Data extracted from a collection:
=-=-=-=-=

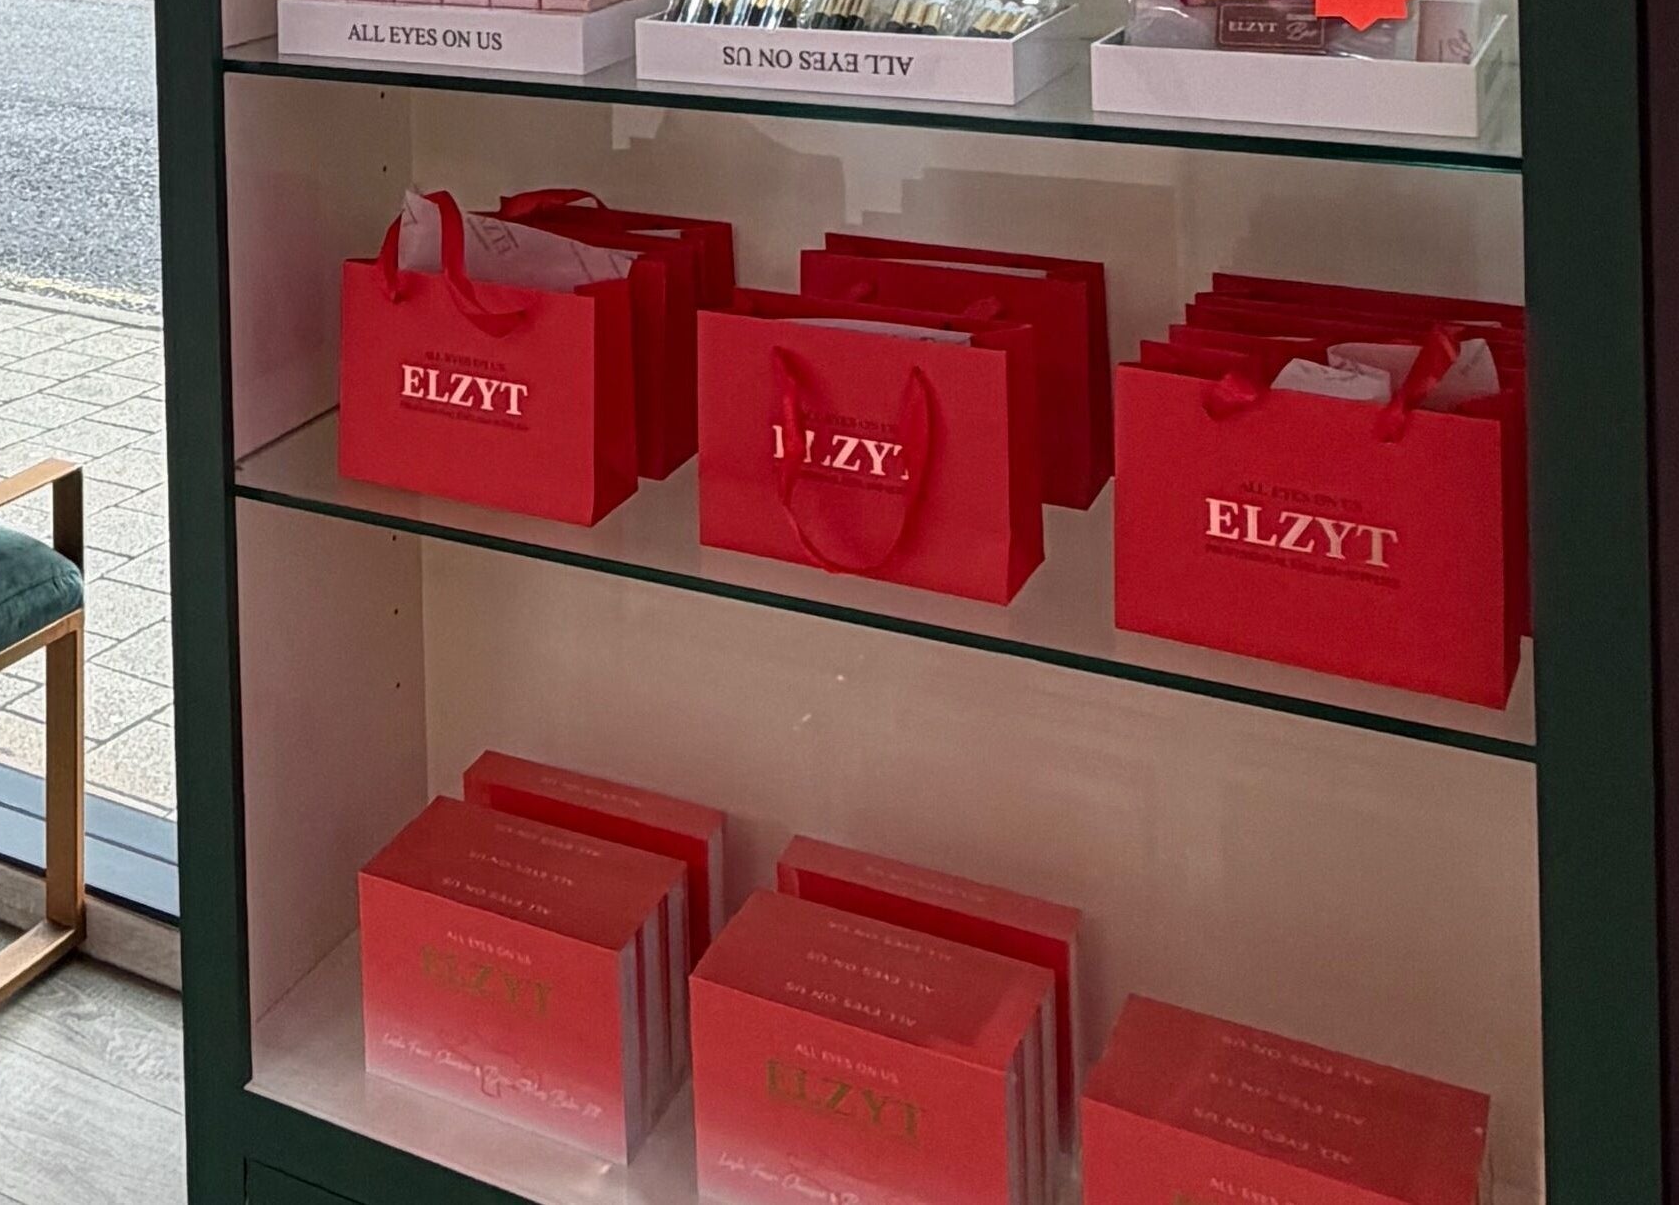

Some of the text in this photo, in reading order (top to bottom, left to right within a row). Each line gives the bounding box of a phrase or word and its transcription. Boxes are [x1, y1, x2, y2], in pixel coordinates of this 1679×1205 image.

[347, 23, 503, 52] ALL EYES ON US
[722, 45, 915, 77] ALL EYES ON US
[401, 364, 529, 416] ELZYT
[1205, 497, 1399, 568] ELZYT
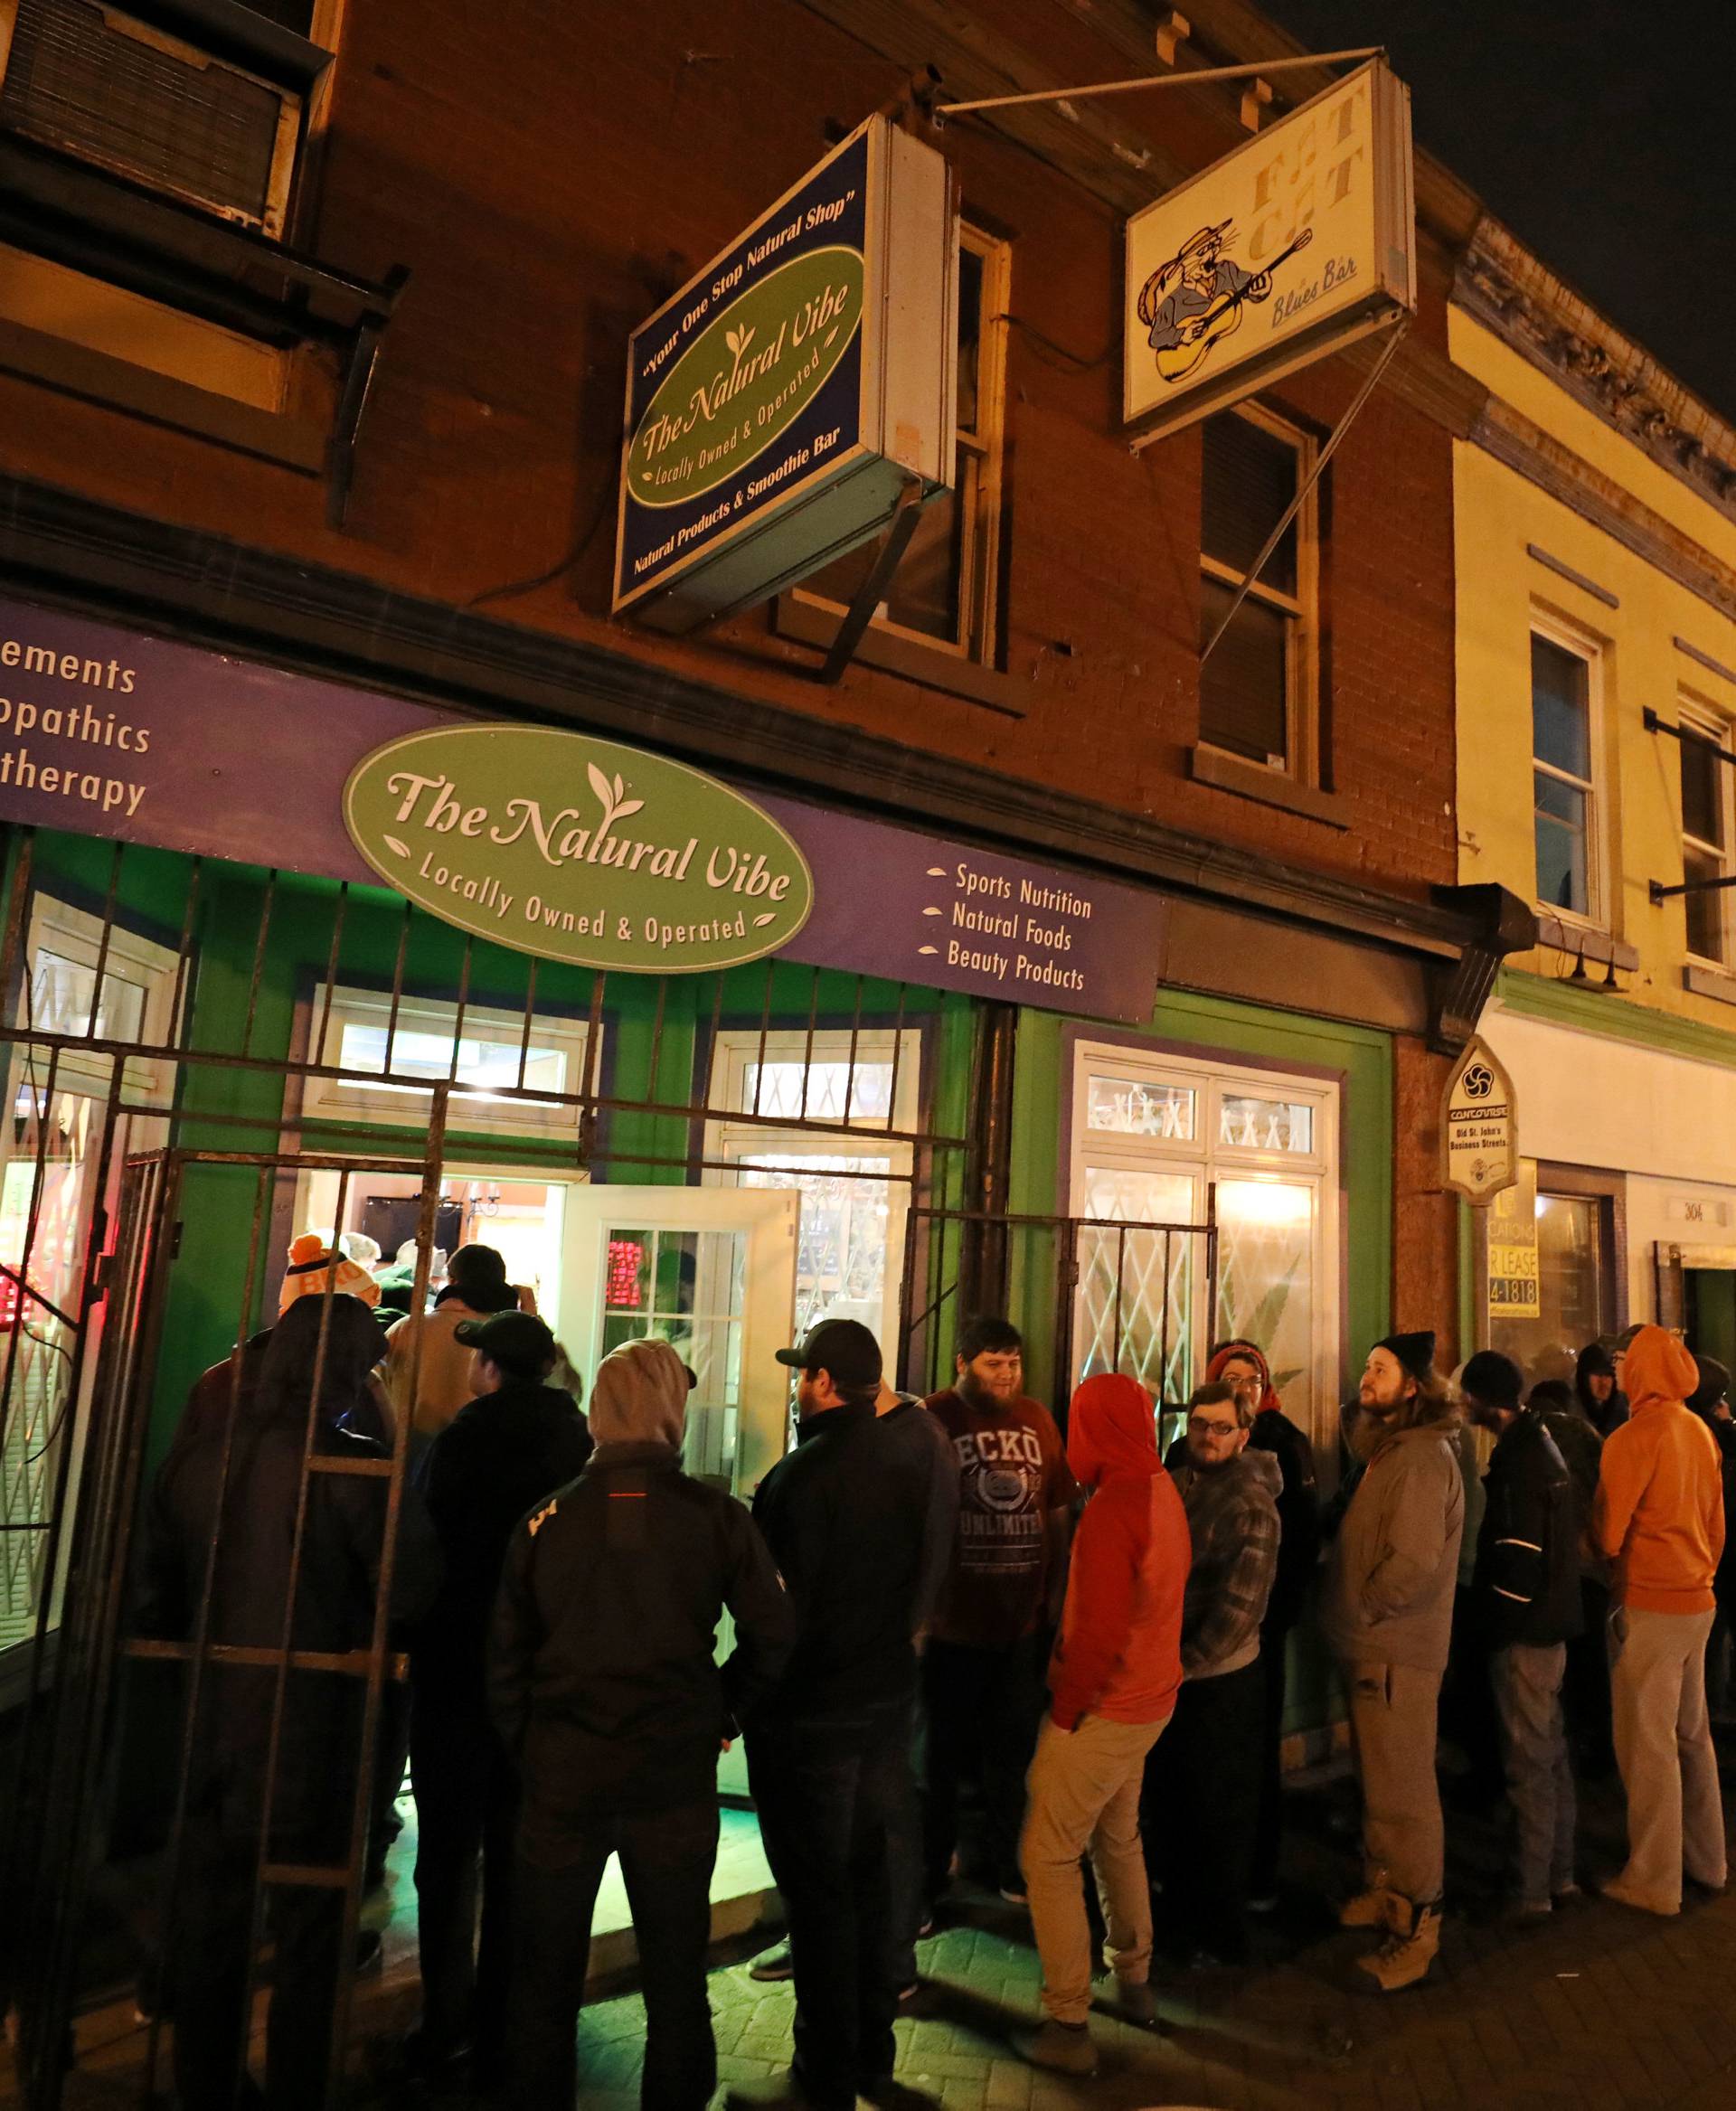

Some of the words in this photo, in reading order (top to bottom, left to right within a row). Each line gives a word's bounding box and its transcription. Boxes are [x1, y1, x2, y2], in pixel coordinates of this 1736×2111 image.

[682, 298, 709, 333] One
[712, 264, 743, 302] Stop
[747, 216, 803, 270] Natural
[1272, 281, 1317, 329] Blues
[1323, 258, 1357, 290] Bar
[643, 414, 683, 461] The
[684, 321, 788, 434] Natural
[792, 284, 848, 347] Vibe
[656, 456, 695, 485] Locally
[699, 427, 738, 469] Owned
[742, 420, 751, 439] &
[758, 347, 819, 426] Operated
[634, 536, 675, 574] Natural
[677, 501, 731, 548] Products
[733, 491, 744, 509] &
[746, 449, 810, 501] Smoothie
[814, 427, 841, 457] Bar
[1, 639, 137, 694] ements
[1, 749, 146, 816] therapy
[388, 772, 489, 836] The
[490, 762, 699, 881] Natural
[706, 845, 791, 902] Vibe
[419, 852, 514, 918] Locally
[524, 895, 605, 938] Owned
[617, 918, 634, 941] &
[645, 911, 747, 949] Operated
[956, 863, 1012, 900] Sports
[1020, 879, 1092, 919] Nutrition
[952, 900, 1019, 939] Natural
[1025, 918, 1072, 951] Foods
[948, 939, 1009, 981] Beauty
[1015, 954, 1085, 991] Products
[1450, 1141, 1480, 1151] Business
[1457, 1127, 1467, 1138] Old
[1490, 1279, 1535, 1302] 4-1818
[1502, 1251, 1536, 1277] LEASE

=-=-=-=-=

Output each line above exactly. Skip the images.

Some of the text in this photo, in reading order (top to bottom, left to right within a row). Each line gives the bounding box of a phrase or word and its transcription. Boxes are [x1, y1, x2, y2], in pixel coordinates of this 1679×1205 image.

[347, 23, 503, 52] ALL EYES ON US
[722, 45, 915, 77] ALL EYES ON US
[401, 364, 529, 416] ELZYT
[1205, 497, 1399, 568] ELZYT

Some of the words in this photo, in reading order (top to bottom, left to right within a row). Each line gives a word's bounding box and its transcription. Boxes are [x1, y1, x2, y2], in pixel coordinates of this 1736×2111 image.

[682, 298, 709, 333] One
[712, 264, 743, 302] Stop
[747, 216, 803, 270] Natural
[1272, 281, 1317, 329] Blues
[1323, 258, 1357, 290] Bar
[643, 414, 683, 461] The
[684, 321, 788, 434] Natural
[792, 284, 848, 347] Vibe
[656, 456, 695, 485] Locally
[699, 427, 738, 469] Owned
[742, 420, 751, 439] &
[758, 347, 819, 426] Operated
[634, 536, 675, 574] Natural
[677, 501, 731, 548] Products
[733, 491, 744, 509] &
[746, 449, 810, 501] Smoothie
[814, 427, 841, 457] Bar
[1, 639, 137, 694] ements
[1, 749, 146, 816] therapy
[388, 772, 489, 836] The
[490, 762, 699, 881] Natural
[706, 845, 791, 902] Vibe
[419, 852, 514, 918] Locally
[524, 895, 605, 938] Owned
[617, 918, 634, 941] &
[645, 911, 747, 949] Operated
[956, 863, 1012, 900] Sports
[1020, 879, 1092, 919] Nutrition
[952, 900, 1019, 939] Natural
[1025, 918, 1072, 951] Foods
[948, 939, 1009, 981] Beauty
[1015, 954, 1085, 991] Products
[1450, 1141, 1480, 1151] Business
[1457, 1127, 1467, 1138] Old
[1490, 1279, 1535, 1302] 4-1818
[1502, 1251, 1536, 1277] LEASE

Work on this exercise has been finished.